Il demone della perfezione. (Arturo Benedetti Michelangeli l’ultimo dei romantici), di Roberto Cotroneo

Arturo Benedetti Michelangeli[i] (ABM. Brescia 1920 – Lugano 1995) è stato uno dei pianisti più grandi del ‘900. A lui Roberto Cotroneo (giornalista, scrittore e fotografo italiano) ha dedicato un libro dal titolo “Il demone della perfezione” (Neri Pozza 2020).

Il volume ricostruisce, come elementi di un mosaico, i tasselli della vita del Maestro: non a caso, forse, la tecnica narrativa è quella del susseguirsi, senza indice, di “capitoletti” lunghi due pagine ciascuno. Si ricompongono così: i genitori (Giuseppe e Lina), il fratello Umberto e la sorella Lina (morta di polmonite a soli 8 anni); il diploma di conservatorio conseguito ad appena 14 anni (come testimonia un trafiletto pubblicato sul Corriere della Sera del 30 giugno 1934); il matrimonio, nel 1943, con Giuliana Guidetti, che trovò il modo di restargli accanto anche dopo la separazione avvenuta nel 1970[ii]; la controversia giudiziaria con una casa discografica (che ottenne il sequestro temporaneo dei suoi beni e dei proventi dei futuri concerti con la conseguente sua decisione di non suonare mai più in Italia: p. 53); l’insegnamento (anche al Conservatorio di Bolzano tra il 1950 e il 1959); l’amicizia con Papa Roncalli (p. 56); la passione per le auto sportive (p. 57); la spiritualità che si concretizzava anche con gesti di generosità per le persone in difficoltà (p. 83); la malattia degli ultimi anni (p. 127).
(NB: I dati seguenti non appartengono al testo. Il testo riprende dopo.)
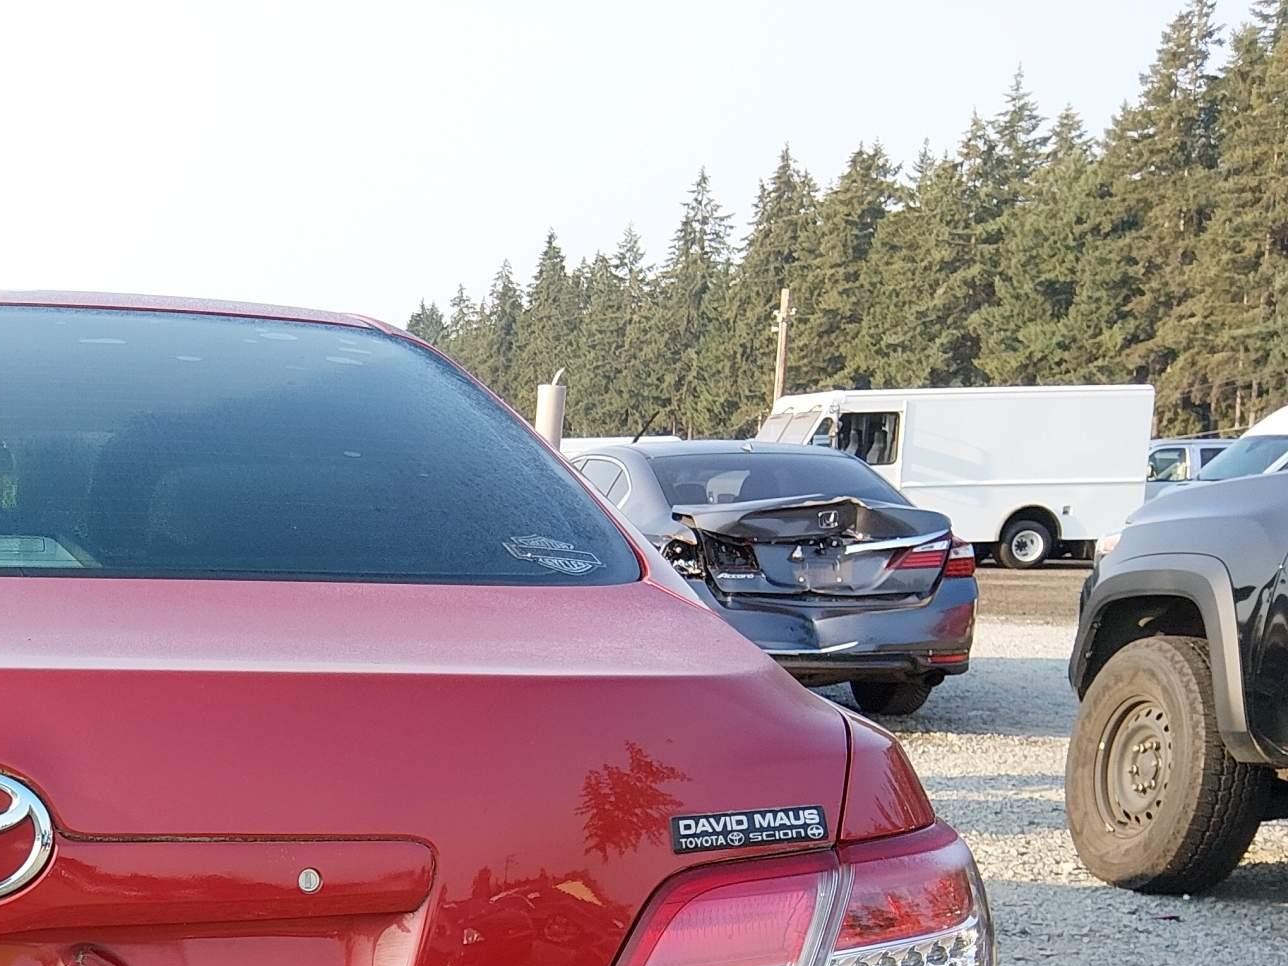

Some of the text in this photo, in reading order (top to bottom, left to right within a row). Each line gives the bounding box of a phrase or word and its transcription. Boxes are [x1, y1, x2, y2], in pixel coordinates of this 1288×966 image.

[679, 809, 820, 835] DAVID MAUS
[679, 835, 726, 849] TOYOTA
E poi, soprattutto, le sue esecuzioni che lo hanno visto protagonista nelle sale da concerto più prestigiose del pianeta.

 

Cotroneo non rinuncia a tratteggiare la personalità di ABM. E a pagina 58 scrive: “Avendo provato a capire questo genio assoluto, eccentrico e incomprensibile persino ai pianisti, mi sono convinto che ci fosse in lui un misto di perfezione e inconsapevolezza. Come se al mondo reale, dopotutto, non si fosse mai abituato”.

Un genio, quindi. Ma anche un uomo dell’800 ((p. 77) “inattuale”), con un cattivo carattere, che alimentava l’idiosincrasia dei colleghi pianisti e direttori d’orchestra che non lo avvertivano come simile a loro (p. 33-36). Un uomo che aveva paura dei giudizi: di qui il grande autocontrollo e una forma di manierismo che qualcuno gli rimproverava (p. 94). Talmente perfetto da far risultare l’interpretazione fredda o addirittura priva di fascino (p. 63).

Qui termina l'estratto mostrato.